# wrists clicking/popping during upwards rows... any advice?



## Big G (Nov 12, 2007)

Just like the title says... when I do upwards rows my wrists click/pop like they're dislocating/relocating or something. It bugs me. I've tried altering the width of my grip on the bar but they still do it, especially as I increase the weight. This time my left wrist did it and it felt like it momentarily pinched a nerve. I'd like to increase the weight (85lb 3x6 is easy enough, if not for my wrists) but I'm afraid to. 

Any thoughts?


----------



## KeenanB13 (Nov 12, 2007)

Try getting on a fish oil supplement, it aids tendonitis and stiff joints with the fatty oils it provides. Take that for about 4-6 weeks if you want to give it a try and see how that works. You can get 100 pills for about $9.49 here at Rite Aid, so the're not to pricey.


----------



## Witchblade (Nov 12, 2007)

Stop doing them.


----------



## MCx2 (Nov 12, 2007)

Witchblade said:


> Stop doing them.


 
I second that. 

I assume we're talking about upright rows? I would ditch them whether they hurt you or not, I've never benefited from them and I don't know anyone personally that has.


----------



## tucker01 (Nov 12, 2007)

Does it hurt or is it just a clicking sound?


----------



## highpockets (Nov 12, 2007)

Stop for awhile then try it again at a later date. Wrist wraps have helped me with the same kind of problem. Bought some cheap ones at Dick's, elastic and velcro, nothing fancy but they work. In addition to the fish oil from above, maybe try some joint aid.


----------



## DOMS (Nov 12, 2007)

I've got four:

1. Glucosaime: When I started benching, I had a clicking noise in my right shoulder.  One of IM's members told me to use this.  About 5 weeks after I started to take it, the noises stopped.
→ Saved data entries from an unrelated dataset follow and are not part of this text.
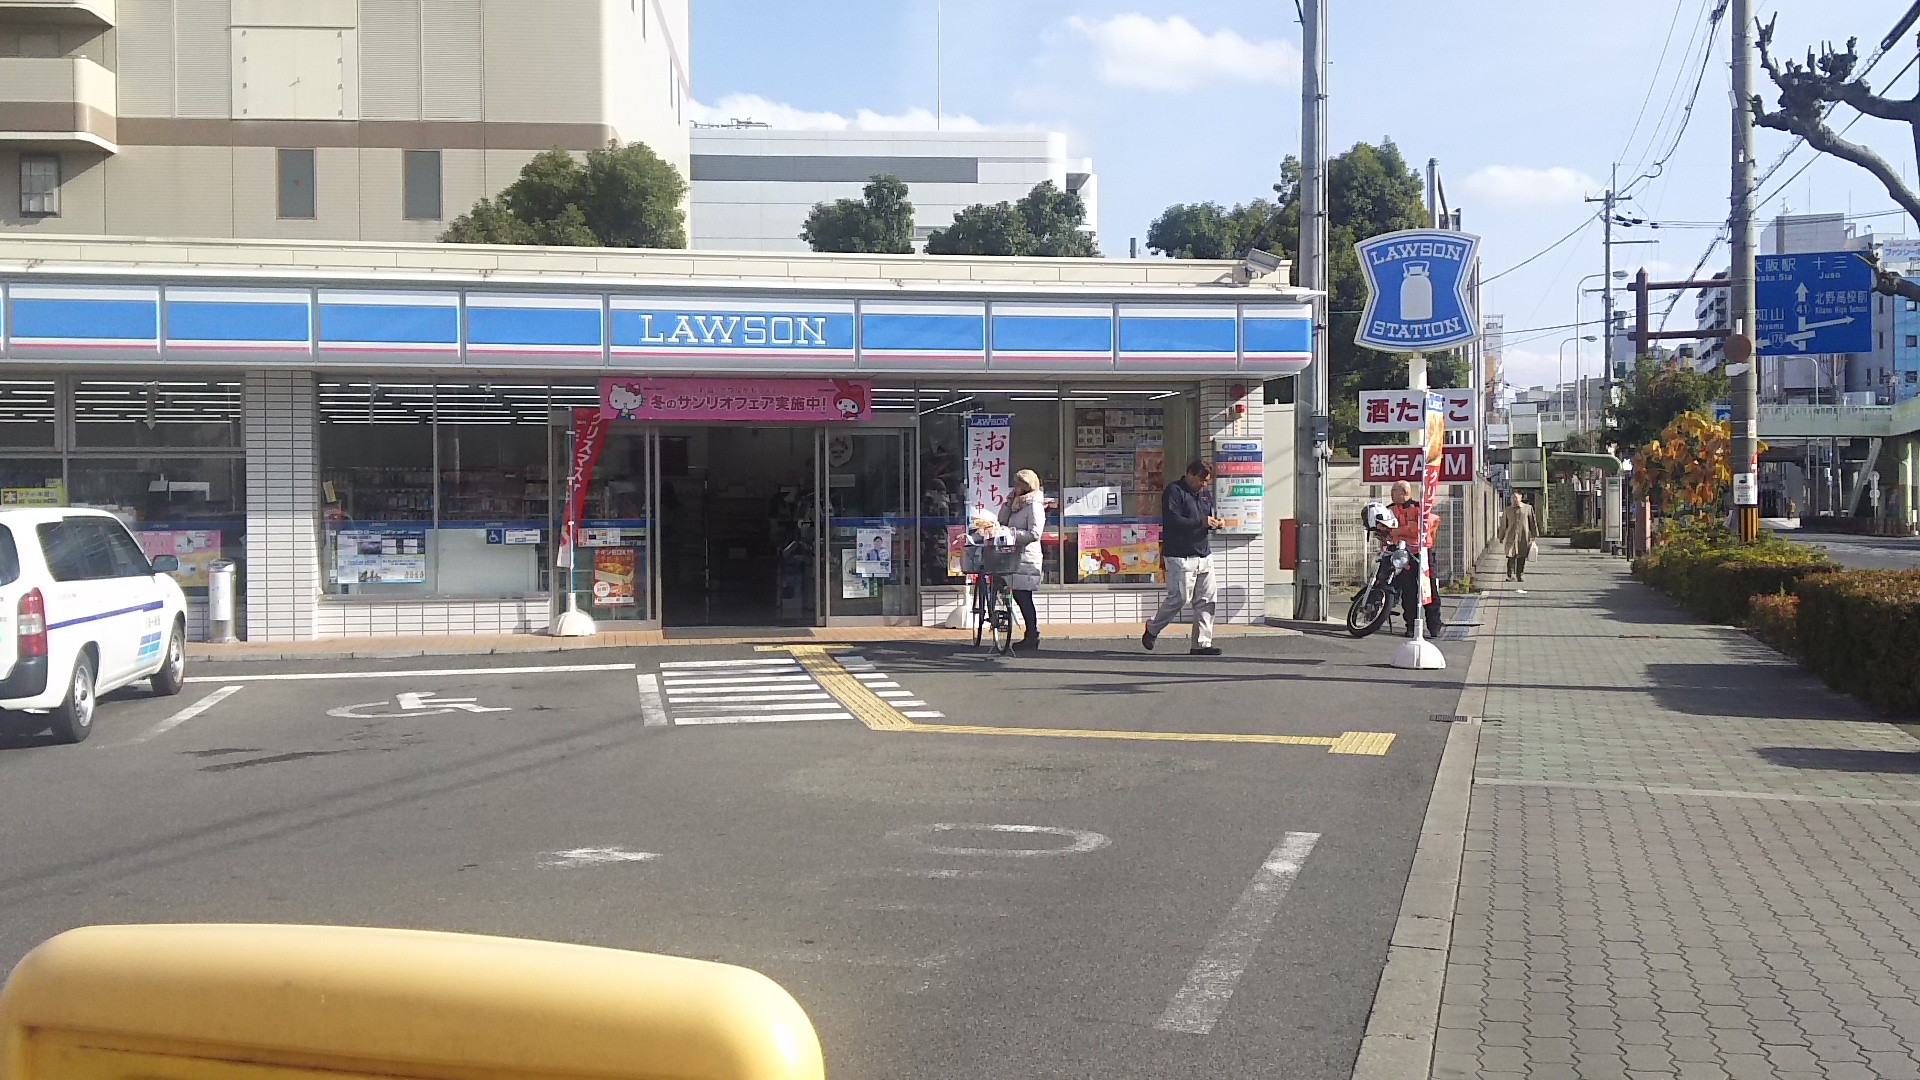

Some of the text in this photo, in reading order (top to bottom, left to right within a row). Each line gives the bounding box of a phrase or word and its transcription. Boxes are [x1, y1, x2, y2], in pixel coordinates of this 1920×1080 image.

[1370, 242, 1463, 266] LAWSON
[1812, 256, 1847, 270] 十三
[1755, 274, 1776, 282] saka
[1755, 307, 1785, 321] 知山
[1796, 304, 1808, 314] 41
[639, 314, 827, 345] LAWSON
[1371, 317, 1461, 339] STATION
[1771, 333, 1783, 344] 176
[970, 416, 1009, 426] LAWSON
[1366, 397, 1470, 424] 酒・たこ
[971, 431, 985, 515] ご予約承り中
[984, 430, 1008, 508] おせち
[1369, 453, 1467, 477] 銀行AM
2. Alternative: Have you tried DB Upright Rows? They're a whole different animal than the BB type.  Plus, they're easier on the wrists.
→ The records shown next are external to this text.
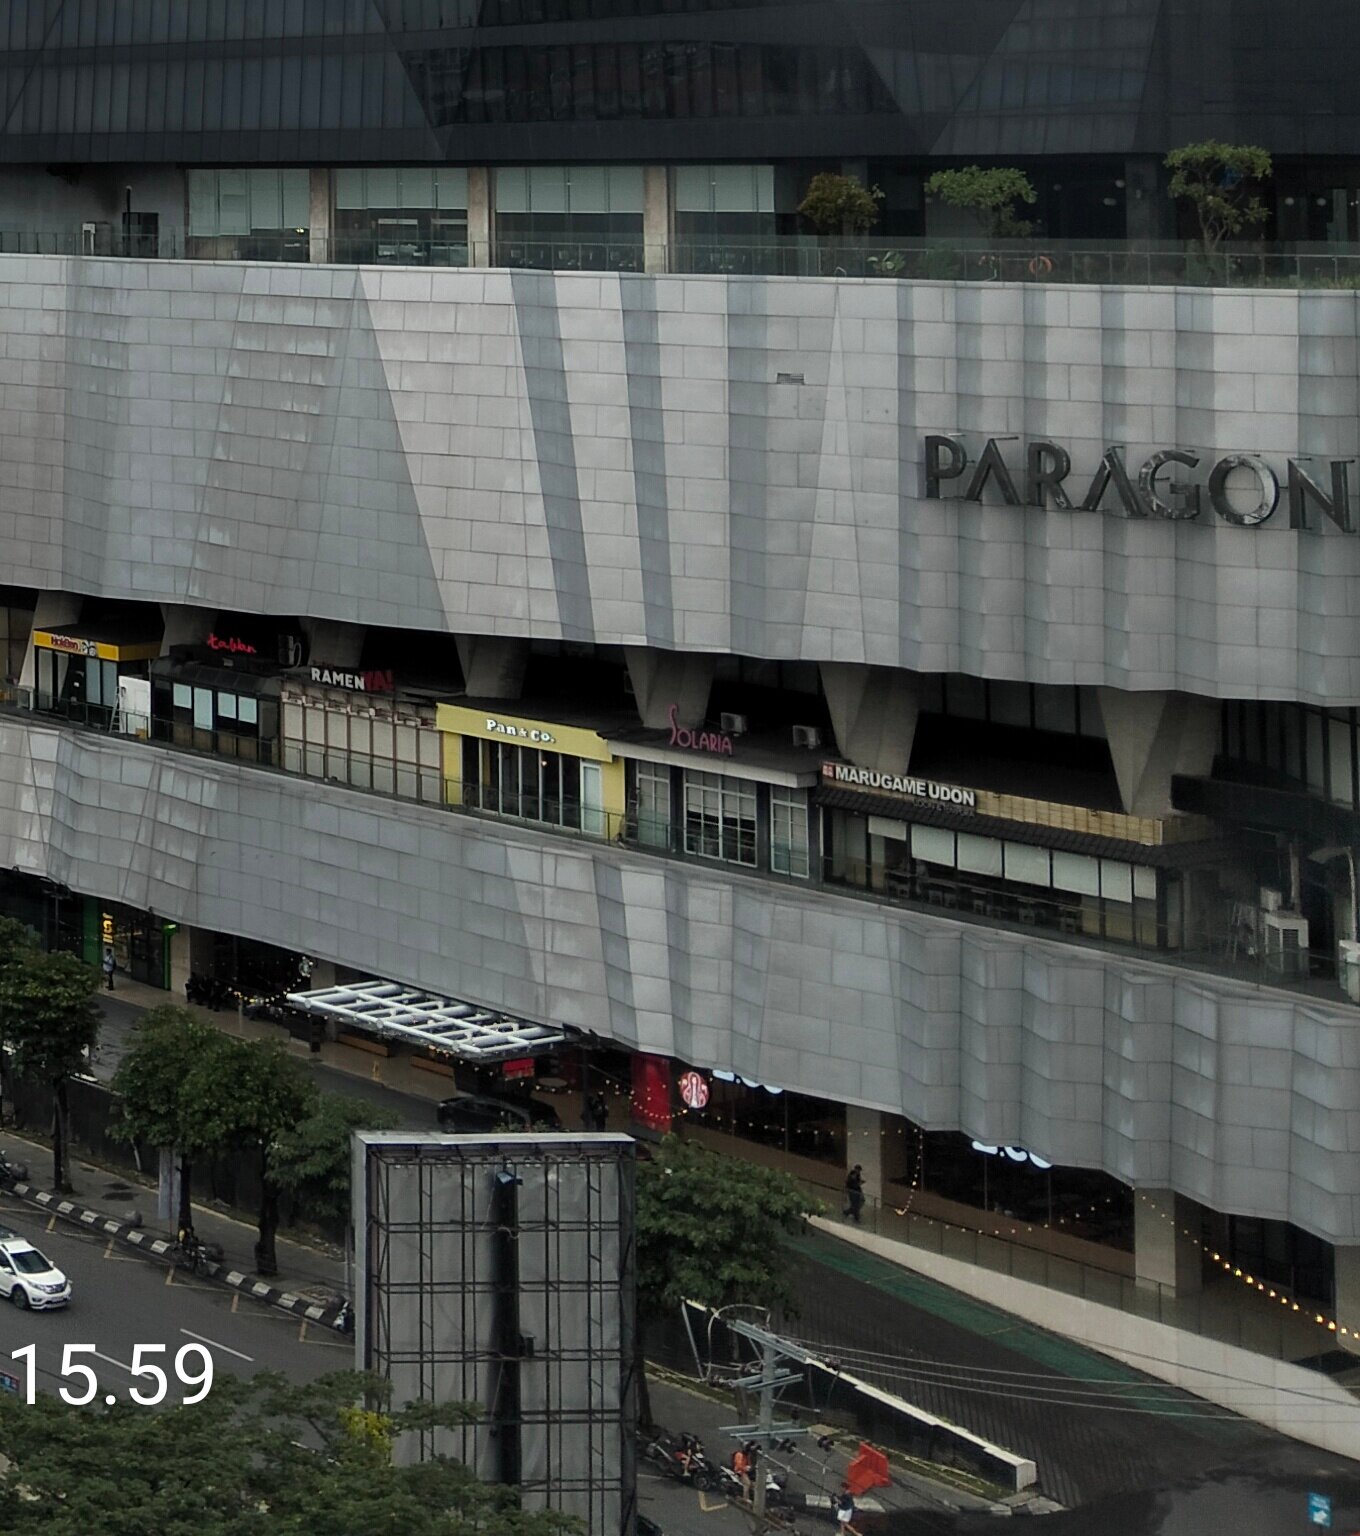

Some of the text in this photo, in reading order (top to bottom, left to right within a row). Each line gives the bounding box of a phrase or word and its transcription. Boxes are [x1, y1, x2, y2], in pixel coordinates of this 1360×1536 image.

[924, 432, 1356, 533] PARAGON
[311, 667, 365, 691] RAMEN
[486, 719, 517, 736] Pan
[530, 729, 557, 743] Co.
[835, 766, 976, 807] MARUGAME UDON
3. Man Up: If you like them, and you don't feel any pain, stay with them.

4. Stop: Stop doing them, especially if you feel any pain.  There are other exercises that you can replace this with.


----------



## BulkMeUp (Nov 12, 2007)

I dont think FOC's will help with this. Glucosamine will help. Be patient though, it takes 4-6 weeks to see results.


----------



## Big G (Nov 13, 2007)

1. I've been taking fish oil and glucosamine/chondroitin daily for about a year already. 
2. There's no pain, but it feels like it kind-of dislocates on the way up and again on the way down. Like when someone pulls your finger or something. Like an inaudible pop/click inside my wrist, that doesn't pop/click back into place until I lower it back down again.
3. I never used wrist wraps. I heard they prohibit wrist muscle development.I don't want to have to start using them really.
5. Never tried upright DB rows. I guess I could.
6. What would be good alternate exercises?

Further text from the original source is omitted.